Commonwealth v. Evander E., 123 N.E.3d 801, 94 Mass. App. Ct. 1121 (2019)

Feb. 13, 2019 · Massachusetts Appeals Court · 18-P-420
123 N.E.3d 801, 94 Mass. App. Ct. 1121

COMMONWEALTH
v.
EVANDER E., a Juvenile.

18-P-420

Appeals Court of Massachusetts.

Entered: February 13, 2019

MEMORANDUM AND ORDER PURSUANT TO RULE 1:28

The juvenile appeals from a Juvenile Court judge's denial of his motion to withdraw his 1998 plea of delinquency by reason of indecent assault and battery on a child under the age of fourteen. That delinquency adjudication triggered a statutory requirement that he register as a sex offender. The juvenile pleaded guilty in the Superior Court in 2014 to failure to register as a sex offender, subsequent offense, and was placed on probation, but in 2015 his probation was revoked and he was sentenced to State prison. In 2017, he filed the motion to withdraw his delinquency plea.

The juvenile argues that subjecting him to sex offender registration constitutes a retroactive application of the sex offender registry law, undermines the presumption of finality of plea agreements, interferes with legislative policy protecting juveniles, and imposes conditions of probation not tailored to fit his juvenile offense. In a careful and thorough decision on the juvenile's motion, which the judge treated as a motion for a new trial, see Commonwealth v. Conaghan, 433 Mass. 105, 106 (2000), the judge rejected each of those arguments.

We review a judge's decision denying such a motion "only to determine whether there has been a significant error of law or other abuse of discretion." Commonwealth v. Grace, 397 Mass. 303, 307 (1986). Applying that standard, we see no ground to overturn the judge's decision. The juvenile's appellate brief identifies no error in the judge's analysis of the issues. No purpose would be served by our reiterating that analysis here.
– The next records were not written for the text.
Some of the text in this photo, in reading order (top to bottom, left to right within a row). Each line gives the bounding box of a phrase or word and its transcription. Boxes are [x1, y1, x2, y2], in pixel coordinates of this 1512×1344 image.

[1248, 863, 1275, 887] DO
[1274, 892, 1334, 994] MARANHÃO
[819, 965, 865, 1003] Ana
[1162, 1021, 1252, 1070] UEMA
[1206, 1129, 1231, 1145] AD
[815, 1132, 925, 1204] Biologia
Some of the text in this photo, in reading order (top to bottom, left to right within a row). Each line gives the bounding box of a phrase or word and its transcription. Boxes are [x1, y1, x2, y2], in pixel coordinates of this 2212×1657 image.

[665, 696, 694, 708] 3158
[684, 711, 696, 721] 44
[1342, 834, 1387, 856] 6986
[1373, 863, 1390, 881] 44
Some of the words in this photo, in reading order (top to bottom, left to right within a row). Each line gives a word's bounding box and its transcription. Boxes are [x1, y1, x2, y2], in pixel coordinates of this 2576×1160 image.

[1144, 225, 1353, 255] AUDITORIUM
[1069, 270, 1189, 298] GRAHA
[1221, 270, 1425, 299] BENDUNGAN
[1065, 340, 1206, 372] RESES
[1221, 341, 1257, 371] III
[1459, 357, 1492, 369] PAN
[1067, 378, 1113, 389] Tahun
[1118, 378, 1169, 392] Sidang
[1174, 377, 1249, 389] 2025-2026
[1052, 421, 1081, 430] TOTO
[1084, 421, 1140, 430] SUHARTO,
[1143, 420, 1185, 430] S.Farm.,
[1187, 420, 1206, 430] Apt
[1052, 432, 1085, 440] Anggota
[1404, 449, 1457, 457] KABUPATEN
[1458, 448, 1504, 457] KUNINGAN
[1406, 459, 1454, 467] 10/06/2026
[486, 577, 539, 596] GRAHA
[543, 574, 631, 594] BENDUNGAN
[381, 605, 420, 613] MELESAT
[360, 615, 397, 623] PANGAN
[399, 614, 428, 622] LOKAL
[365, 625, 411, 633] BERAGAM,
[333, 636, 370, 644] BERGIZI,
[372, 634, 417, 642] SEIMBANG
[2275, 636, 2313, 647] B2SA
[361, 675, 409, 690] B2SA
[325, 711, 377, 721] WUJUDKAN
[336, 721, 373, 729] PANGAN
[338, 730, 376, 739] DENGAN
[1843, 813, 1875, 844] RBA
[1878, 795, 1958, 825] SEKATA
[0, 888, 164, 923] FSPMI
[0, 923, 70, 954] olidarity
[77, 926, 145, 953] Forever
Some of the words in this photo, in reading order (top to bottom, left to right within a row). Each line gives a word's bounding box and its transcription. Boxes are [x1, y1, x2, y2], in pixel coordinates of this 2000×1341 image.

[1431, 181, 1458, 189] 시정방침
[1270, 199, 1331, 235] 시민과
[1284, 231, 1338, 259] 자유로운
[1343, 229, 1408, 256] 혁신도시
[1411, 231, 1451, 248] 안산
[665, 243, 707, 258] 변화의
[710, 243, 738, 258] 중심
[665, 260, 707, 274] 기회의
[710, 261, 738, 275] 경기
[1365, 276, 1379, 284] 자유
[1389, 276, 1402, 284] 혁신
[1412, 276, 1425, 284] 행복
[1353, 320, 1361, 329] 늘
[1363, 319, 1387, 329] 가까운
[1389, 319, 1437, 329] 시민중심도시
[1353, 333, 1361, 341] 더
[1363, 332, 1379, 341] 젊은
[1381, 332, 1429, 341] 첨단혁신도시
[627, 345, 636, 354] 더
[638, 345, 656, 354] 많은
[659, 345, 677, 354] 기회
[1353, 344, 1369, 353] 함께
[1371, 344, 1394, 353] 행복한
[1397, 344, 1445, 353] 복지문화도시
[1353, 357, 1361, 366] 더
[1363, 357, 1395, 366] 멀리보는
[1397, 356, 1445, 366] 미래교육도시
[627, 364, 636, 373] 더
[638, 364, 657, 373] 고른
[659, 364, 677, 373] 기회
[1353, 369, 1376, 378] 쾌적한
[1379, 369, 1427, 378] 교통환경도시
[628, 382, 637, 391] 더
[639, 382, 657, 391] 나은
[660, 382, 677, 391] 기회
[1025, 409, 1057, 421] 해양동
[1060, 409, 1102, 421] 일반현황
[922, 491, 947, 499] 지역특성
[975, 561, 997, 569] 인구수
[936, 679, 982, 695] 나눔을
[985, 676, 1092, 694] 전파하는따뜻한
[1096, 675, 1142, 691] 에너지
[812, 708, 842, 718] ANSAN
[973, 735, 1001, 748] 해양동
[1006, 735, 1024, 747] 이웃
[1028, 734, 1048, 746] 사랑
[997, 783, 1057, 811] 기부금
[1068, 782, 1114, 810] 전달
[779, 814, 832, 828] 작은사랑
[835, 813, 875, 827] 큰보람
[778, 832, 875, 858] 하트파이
We add only two points. First, the juvenile's retroactivity arguments depend on the erroneous premise that at the time he was adjudicated delinquent in 1998, the sex offender registration and notification provisions enacted in 1996, see St. 1996, c. 239, § 1, had been held unconstitutional and their implementation enjoined. In the juvenile's view, accordingly, he was not required to register until, after his adjudication, the Legislature enacted a revised sex offender registry law in 1999. See St. 1999, c. 74, § 2. Even if that were so, the judge fully explained that the 1999 enactments were not unconstitutionally retroactive. But there is another reason retroactivity is not an issue: the 1996 sex offender registration provisions remained in effect and applied to the juvenile at the time of his plea.

For his argument to the contrary, the juvenile relies on dictum in Doe, Sex Offender Registry Bd. No. 8725 v. Sex Offender Registry Bd., 450 Mass. 780 (2008). In that case, the court said, "The registration requirements and notification provisions [enacted in 1996] were subsequently held to be unconstitutional and [the law's] implementation enjoined in 1997."2 Id. at 785, citing Doe v. Attorney Gen., 426 Mass. 136 (1997). That 1997 decision, however, was an as-applied challenge and ordered relief only for the plaintiff himself. Doe v. Attorney Gen., 426 Mass. at 146. Likewise, the other challenges to the sex offender registry law decided between 1997 and 1999, to the extent successful, were as-applied challenges that ordered only individual relief.3

Second, to the extent the juvenile argues that the sex offender registry laws should not be enforced against him because they are in conflict with prior legislative policy regarding juveniles, the court rejected a similar argument in Doe v. Attorney Gen. (No. 1), 425 Mass. 210 (1997). There the court held that, to the extent there was a conflict between the 1996 sex offender registry law and an earlier-enacted statute preserving the confidentiality of certain juvenile court records, the sex offender registry law controlled, because it was later-enacted and more specific. Id. at 215-216.

Order denying motion to withdraw delinquency plea affirmed.